Это было фантастично. Ночью, в тишине и темноте, я яростно истязал его до бурного и глубокого оргазма, потрясавшего всё мое существо, а днем или утром, в школе, я едва здоровался с ним, едва разговаривал. Едва смотрел на него, когда он был одет. Теперь он интересовал меня только обнаженным.

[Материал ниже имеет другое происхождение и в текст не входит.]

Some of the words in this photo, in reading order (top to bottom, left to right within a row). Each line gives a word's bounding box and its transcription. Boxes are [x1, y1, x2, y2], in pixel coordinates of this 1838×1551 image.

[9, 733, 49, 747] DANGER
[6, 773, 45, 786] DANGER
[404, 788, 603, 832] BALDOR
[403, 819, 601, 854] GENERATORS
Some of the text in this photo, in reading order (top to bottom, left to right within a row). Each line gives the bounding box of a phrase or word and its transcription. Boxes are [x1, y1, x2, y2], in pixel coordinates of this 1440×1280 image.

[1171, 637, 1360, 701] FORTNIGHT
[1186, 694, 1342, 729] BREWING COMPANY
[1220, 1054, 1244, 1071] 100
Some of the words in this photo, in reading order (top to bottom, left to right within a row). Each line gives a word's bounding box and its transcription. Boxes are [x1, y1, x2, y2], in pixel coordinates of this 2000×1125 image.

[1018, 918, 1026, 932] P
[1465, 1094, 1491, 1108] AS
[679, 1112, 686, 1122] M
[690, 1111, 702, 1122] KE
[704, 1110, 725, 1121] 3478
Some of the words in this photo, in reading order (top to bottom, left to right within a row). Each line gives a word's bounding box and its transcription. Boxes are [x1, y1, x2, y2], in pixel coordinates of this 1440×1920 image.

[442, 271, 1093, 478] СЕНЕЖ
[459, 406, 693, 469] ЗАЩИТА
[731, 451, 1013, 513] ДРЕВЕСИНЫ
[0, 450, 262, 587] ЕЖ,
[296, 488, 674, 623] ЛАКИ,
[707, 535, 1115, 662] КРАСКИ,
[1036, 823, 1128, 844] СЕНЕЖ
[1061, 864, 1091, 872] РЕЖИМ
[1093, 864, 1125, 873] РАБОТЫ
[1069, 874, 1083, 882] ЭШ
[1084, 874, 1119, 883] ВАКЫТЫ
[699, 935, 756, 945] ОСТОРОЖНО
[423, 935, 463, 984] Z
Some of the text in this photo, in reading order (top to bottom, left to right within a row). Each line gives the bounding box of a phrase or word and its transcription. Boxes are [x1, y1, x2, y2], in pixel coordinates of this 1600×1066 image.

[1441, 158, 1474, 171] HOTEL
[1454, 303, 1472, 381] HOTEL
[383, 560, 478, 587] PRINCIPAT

Однажды учительница алгебры попросила его принести один или два стула из соседнего кабинета. Когда он вернулся, неся по стулу с металлическими ножками в каждой руке, одна хлипкая и наивная девочка воскликнула, как бы вполголоса, но довольно слышно:
— Какой сильный!
Это было смешно, потому что любой, наверно, из нас уже тогда мог сделать то же самое. Но слово «сильный» распалило меня. Я вернулся в свою ночь. С другой стороны, я понимал, что не могу прямо здесь, в классе, да и вообще в реальности начать стегать и царапать его, хоть это желание и распирало меня. Тогда я решил уязвить его внешне безобидными и шутливыми словами.
— Спасибо, Армен, — сказала учительница.
— Труд сделал из обезьяны человека! — нравоучительно воскликнул я.
Я знал, что от учительницы мне ничего не будет, потому что я был отличником по ее предметам, да и вообще почти по всем. Но Армен встрепенулся и показал мне кулак, хоть ничего в итоге и не сделал, даже на перемене. Я почувствовал вкус победы — ничтожной и пустячной для любого из вас, но какой сладострастной для меня! Орган мой напрягся и стал расти, мне захотелось броситься на Армена и раздеть его, и обладать им, и залить его своим семенем.
При этом я тихо сидел и решал уравнения.
Вообще это было для меня очень характерно: раскаленная лава внутри и ледник или, по крайней мере, тихое поле — снаружи. Я порой застывал от изумления перед самим собой.